I love this style of writing, in fact I’ve attempted it once in my poetry, although mine was more akin to a drunk text/ramble and without any old language embedded in it. It’s a form of intellectualism unlike anything I’ve come across especially in poetry, and I’d gladly steal this and use something similar in a lot more of my work if a) it wasn’t already confusing enough and b) I wanted to ensure that my workshop thinks I have a god complex.     Not to say that Charles does, nor do I, but I’ve been told I act like I do.

I like a good challenge to the norm every now and then. A short collection of poems is the most of a challenge I can stomach, because then it moves from a challenge to a gimmick, and no one likes gimmicks. I tried converting a few poems into a standard lexicon, and the meaning lessened quite significantly, but not to the extent that it was a different piece. Charles’ poetry’s depth and meaning almost banks on the style she has chosen to implement, but it doesn’t mean her work is devoid without it, and I quite like that. 

The poems themselves have a certain floral theme running through them, but not like a field (feeld?) of daffodils, more akin to a forest of dead and decaying trees and moss. Like the poets who used this syntactical style out of norm rather than intrigue, angst runs strong in the work, which isn’t a problem per se (I would be hypocritical to say angst is a bad thing), but I’d have liked to see a poem not thematically filled with issues of transgender/angsty fruit and flora. One poem that stands out against the others, written in a heavy San Franciscan flair about trying to find a good cup of coffee or about how tough it is keeping up the writing style. 

Then again, she’s won the National Poetry Series and I haven’t, so what do I know?

I envisioned this being a critique of Jos Charles’ work, but it turned out that her poetry is damn near perfect, and I ended up critiquing my own work. It happened again.

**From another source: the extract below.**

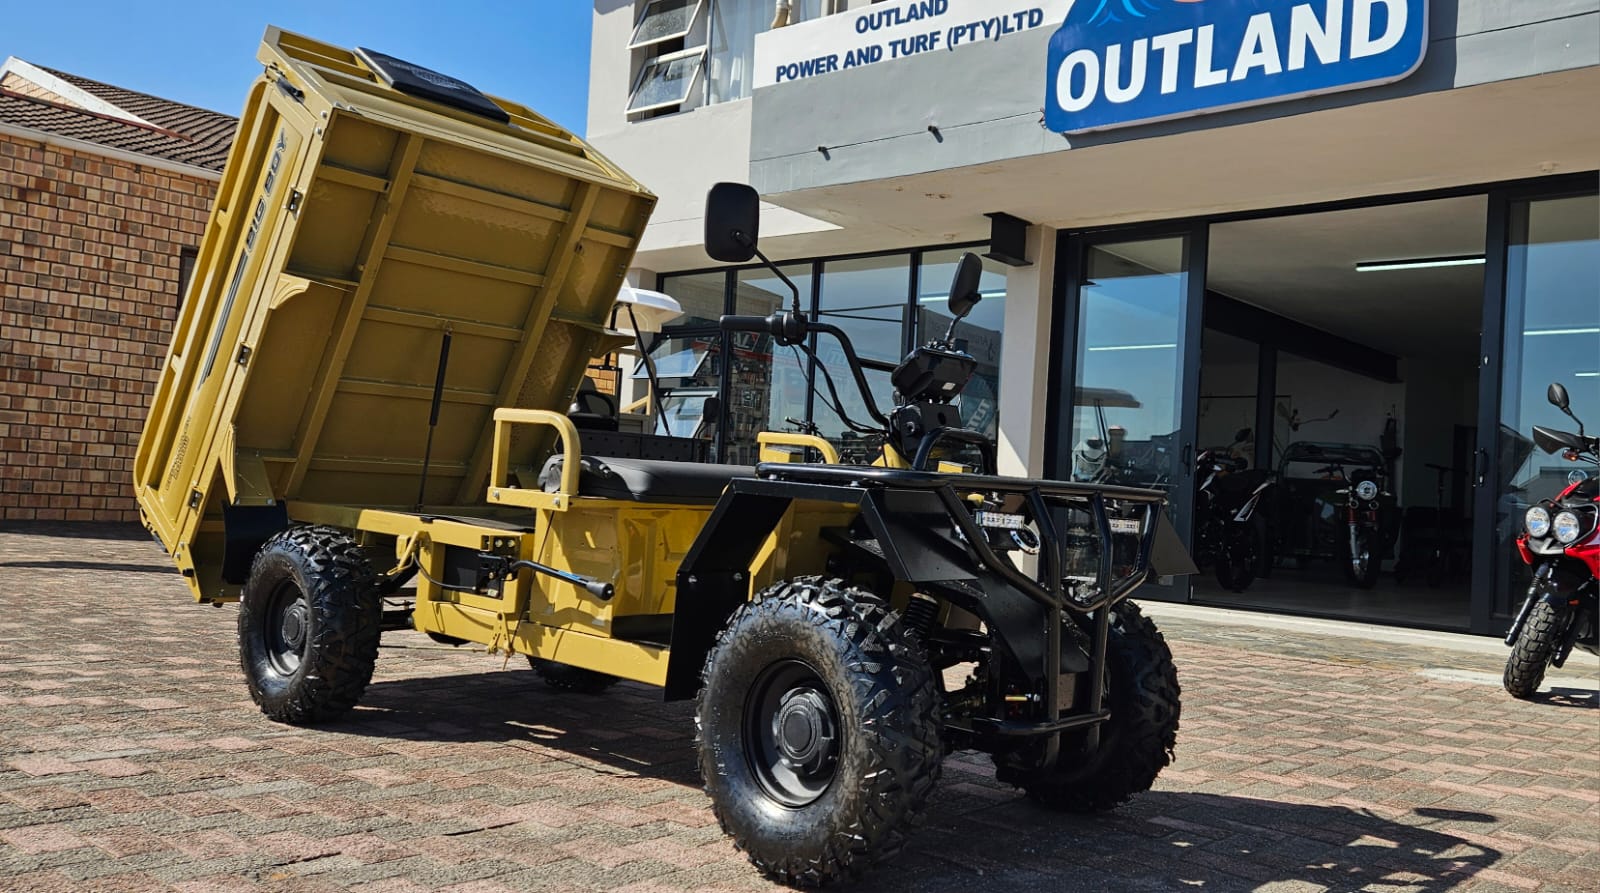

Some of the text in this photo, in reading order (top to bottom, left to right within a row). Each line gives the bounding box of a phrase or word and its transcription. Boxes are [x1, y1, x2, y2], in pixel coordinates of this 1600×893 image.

PS. Why does every praise for any book I read have to be so complicated and convoluted? Take a note from the video game community, the backbone of one of the fastest growing industries in the world. Hit that appraisal with a “yeah it’s ok” and your playtime (read time in this case) of 500+ hours. 

It’s obviously a good book. The author is obviously proficient and talented as hell. Let the people decide what they want about the book. Stop acting like an influencer.